Riflessione clariana sul Santo Natale

            Le settimane che precedono il Natale scorrono in fretta: il buio di mattini stellati e freddi si congiunge a tramonti di fiamma senza che quasi ce ne accorgiamo.
Si risveglia più forte il bisogno di casa, di calore, di trovarsi al sicuro. Questo dato antropologico forse ci fa capire perché un po’ tutti amano e aspettano il Natale, la visita di Dio che “fa casa” nella nostra storia.
            Tutti abbiamo bisogno di una casa che ci attende, e di sentirci a casa in questo mondo che continua a correrci accanto, talvolta trascinando anche noi.

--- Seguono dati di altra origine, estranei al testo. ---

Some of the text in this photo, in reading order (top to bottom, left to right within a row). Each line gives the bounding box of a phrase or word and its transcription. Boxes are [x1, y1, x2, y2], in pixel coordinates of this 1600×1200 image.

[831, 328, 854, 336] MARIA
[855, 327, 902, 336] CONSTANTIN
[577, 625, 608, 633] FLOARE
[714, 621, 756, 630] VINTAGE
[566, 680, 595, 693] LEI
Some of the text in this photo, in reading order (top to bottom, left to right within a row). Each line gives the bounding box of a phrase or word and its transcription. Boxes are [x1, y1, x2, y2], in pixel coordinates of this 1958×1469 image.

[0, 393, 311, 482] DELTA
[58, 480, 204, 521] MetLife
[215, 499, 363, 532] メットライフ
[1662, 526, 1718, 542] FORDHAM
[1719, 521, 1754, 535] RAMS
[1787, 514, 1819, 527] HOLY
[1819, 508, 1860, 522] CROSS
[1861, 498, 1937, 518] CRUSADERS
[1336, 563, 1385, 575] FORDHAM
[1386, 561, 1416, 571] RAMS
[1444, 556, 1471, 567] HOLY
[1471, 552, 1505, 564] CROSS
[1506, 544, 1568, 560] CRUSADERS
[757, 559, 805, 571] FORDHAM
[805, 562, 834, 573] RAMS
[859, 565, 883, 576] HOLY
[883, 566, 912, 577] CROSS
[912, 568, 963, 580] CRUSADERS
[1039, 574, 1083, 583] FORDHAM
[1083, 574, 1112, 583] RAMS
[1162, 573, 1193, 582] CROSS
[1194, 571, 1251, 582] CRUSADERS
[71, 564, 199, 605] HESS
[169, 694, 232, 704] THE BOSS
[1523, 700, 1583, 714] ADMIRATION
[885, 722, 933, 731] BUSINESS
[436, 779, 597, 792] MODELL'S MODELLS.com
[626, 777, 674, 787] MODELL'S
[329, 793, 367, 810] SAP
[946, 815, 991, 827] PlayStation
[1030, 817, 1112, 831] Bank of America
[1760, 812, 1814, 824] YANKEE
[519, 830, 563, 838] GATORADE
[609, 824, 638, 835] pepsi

Natale è il mistero di una Presenza che si propone umile, inerme, piccola, bisognosa di tutto: un Bambino. E in quel Bambino tutto l’Amore che il Padre ha per noi.

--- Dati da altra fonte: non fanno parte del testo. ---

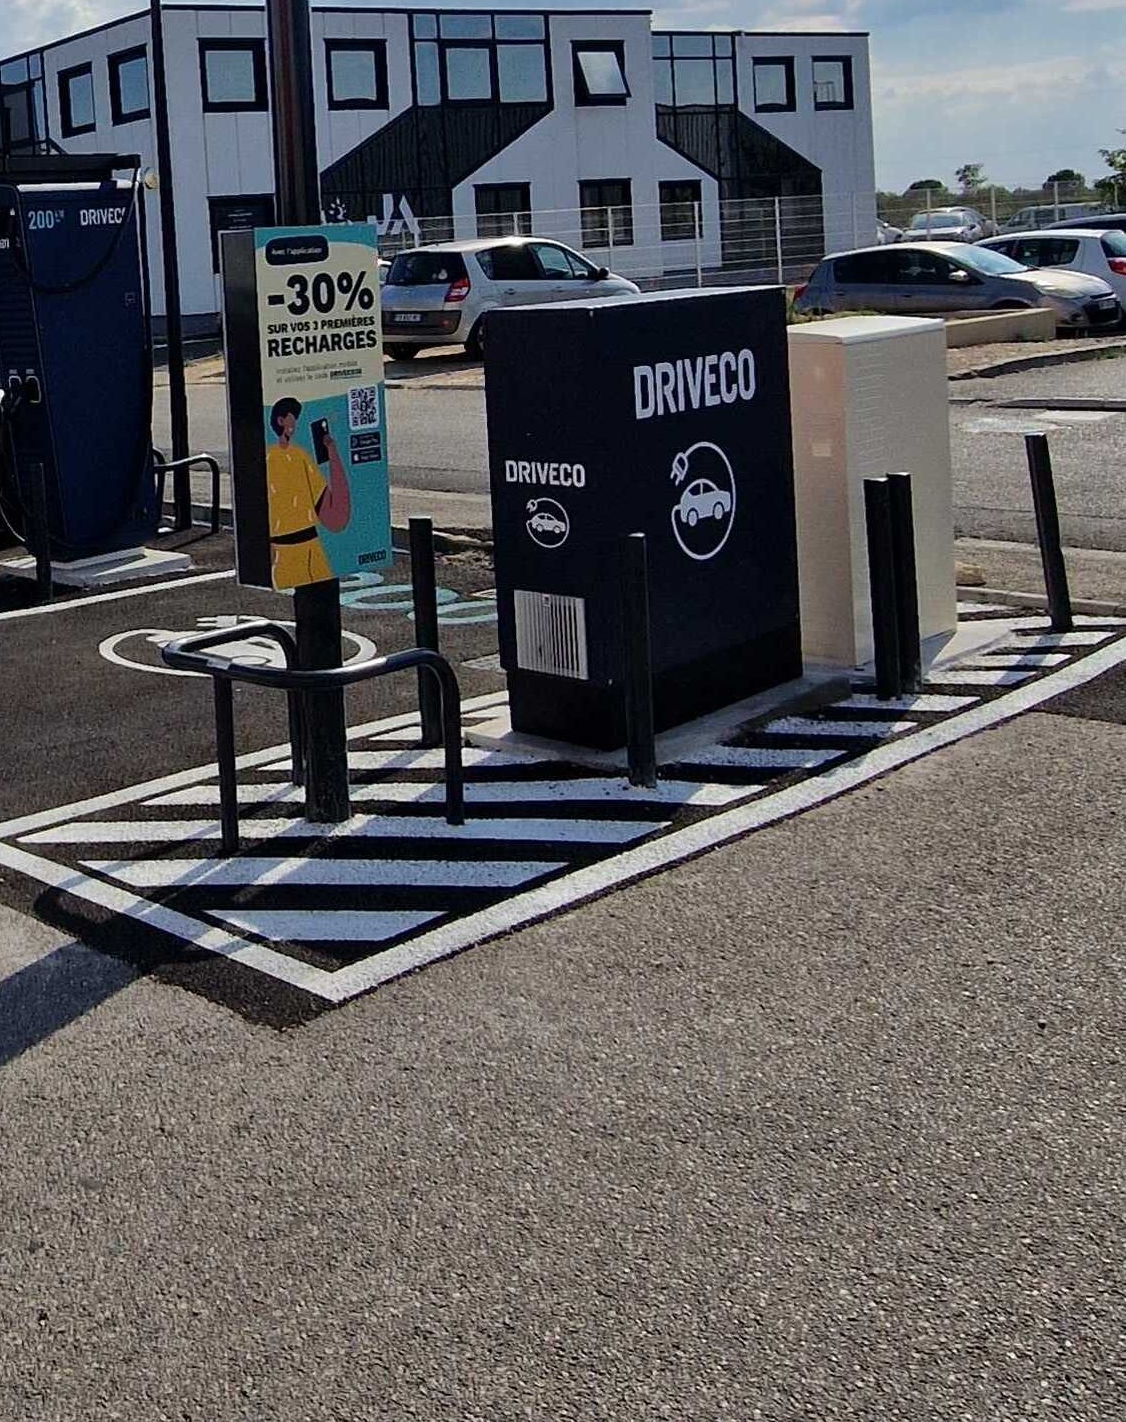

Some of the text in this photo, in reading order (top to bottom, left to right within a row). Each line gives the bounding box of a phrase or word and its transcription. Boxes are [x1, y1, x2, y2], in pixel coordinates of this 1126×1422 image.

[267, 270, 375, 316] -30%
[267, 315, 376, 335] SUR VOS 3 PREMIÈRES
[267, 329, 377, 358] RECHARGES
[633, 348, 757, 420] DRIVECO
[505, 459, 586, 488] DRIVECO

Tutto, perché già c’è l’abbassarsi, il chinarsi verso di noi, lo scendere nella nostra condizione più fragile, più esposta. Tutta l’Onnipotenza si mostra a noi nella estrema debolezza, quella, appunto, di un bambino.
            “Guardate, fratelli, l’umiltà di Dio, ed aprite davanti a Lui i vostri cuori” (FF 221). Sì, Francesco aveva capito e invitava a guardare prima di tutto, ad accorgerci di quanta strada Egli ha compiuto per tenderci la mano, perché questa mano non fosse più distante, irraggiungibile.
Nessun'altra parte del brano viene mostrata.